En República Dominicana hay quienes viven convencidos de que todo marcha bien. Que la inseguridad es un invento, que el hambre es exageración y que la precariedad es culpa del que “no se esfuerza”. Es fácil pensarlo cuando se vive en un penthouse con planta, seguridad y doble vidrio. Desde ahí, el país duele menos. O no duele en lo absoluto.
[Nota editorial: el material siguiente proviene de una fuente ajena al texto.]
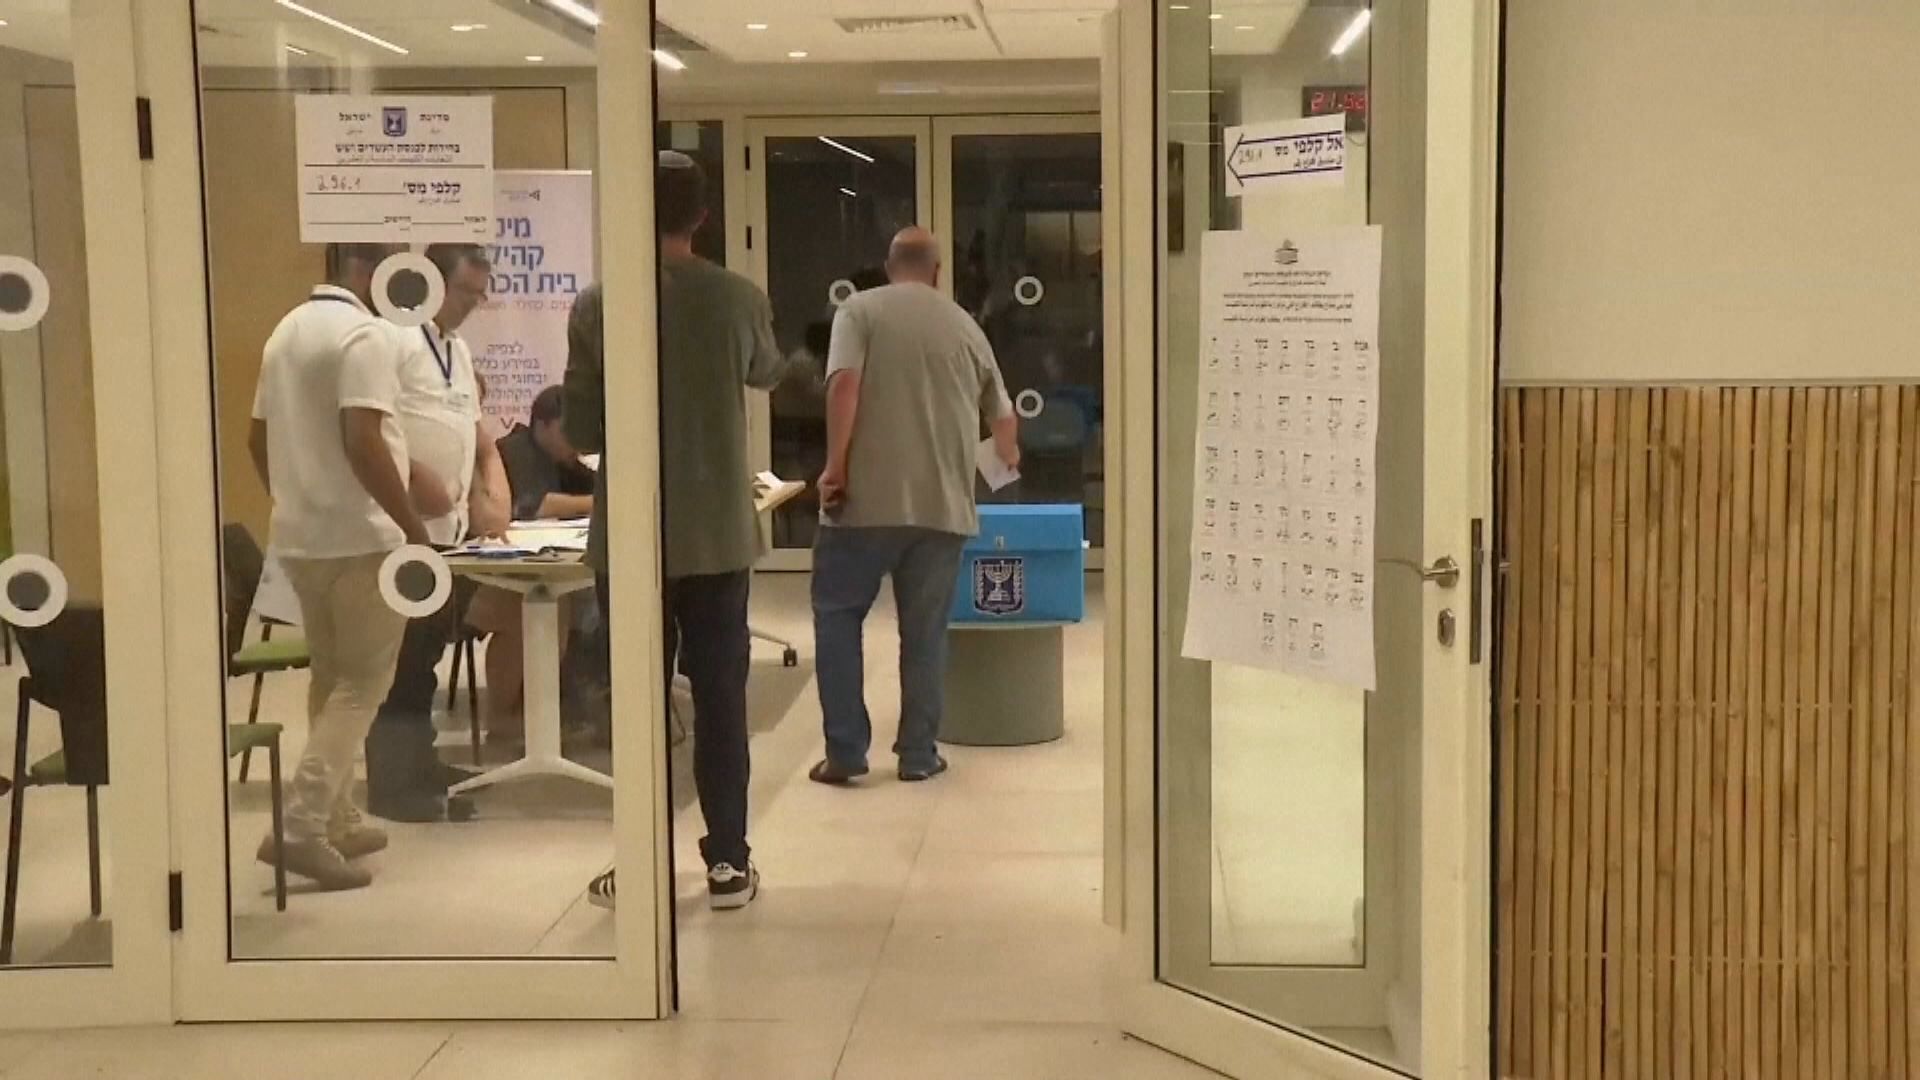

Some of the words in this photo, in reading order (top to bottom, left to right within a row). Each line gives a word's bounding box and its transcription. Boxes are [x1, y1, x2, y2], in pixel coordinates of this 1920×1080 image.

Pero el otro país —el que no sale en las revistas de bienes raíces ni en las historias de Instagram— empieza justo detrás del muro. Literalmente. Una pared separa al Santo Domingo Country Club del barrio El Café de Herrera, donde se vive del día a día, donde una enfermedad puede ser sentencia y una deuda, una condena. Es el mismo patrón que se repite en Paraíso y Los Platanitos, en Naco y La Yuca, en Arroyo Hondo y La Puya. Sectores de élite pegados a barrios de miseria. Dos mundos que se ignoran, pero que se rozan todos los días.
El problema no es solo la desigualdad. Es la normalización de esa desconexión. La idea absurda de que se puede tener un país funcionando si más de la mitad de su gente está apenas sobreviviendo. Que mientras “a mí no me toque”, no hay urgencia. Esa mentalidad es la verdadera crisis.
Seguir en esa burbuja no solo es un acto de privilegio. Es un acto de irresponsabilidad. Porque la realidad, aunque se tape con concreto, siempre encuentra por dónde filtrarse. Y cuando lo hace, ya es tarde para decir que no sabíamos.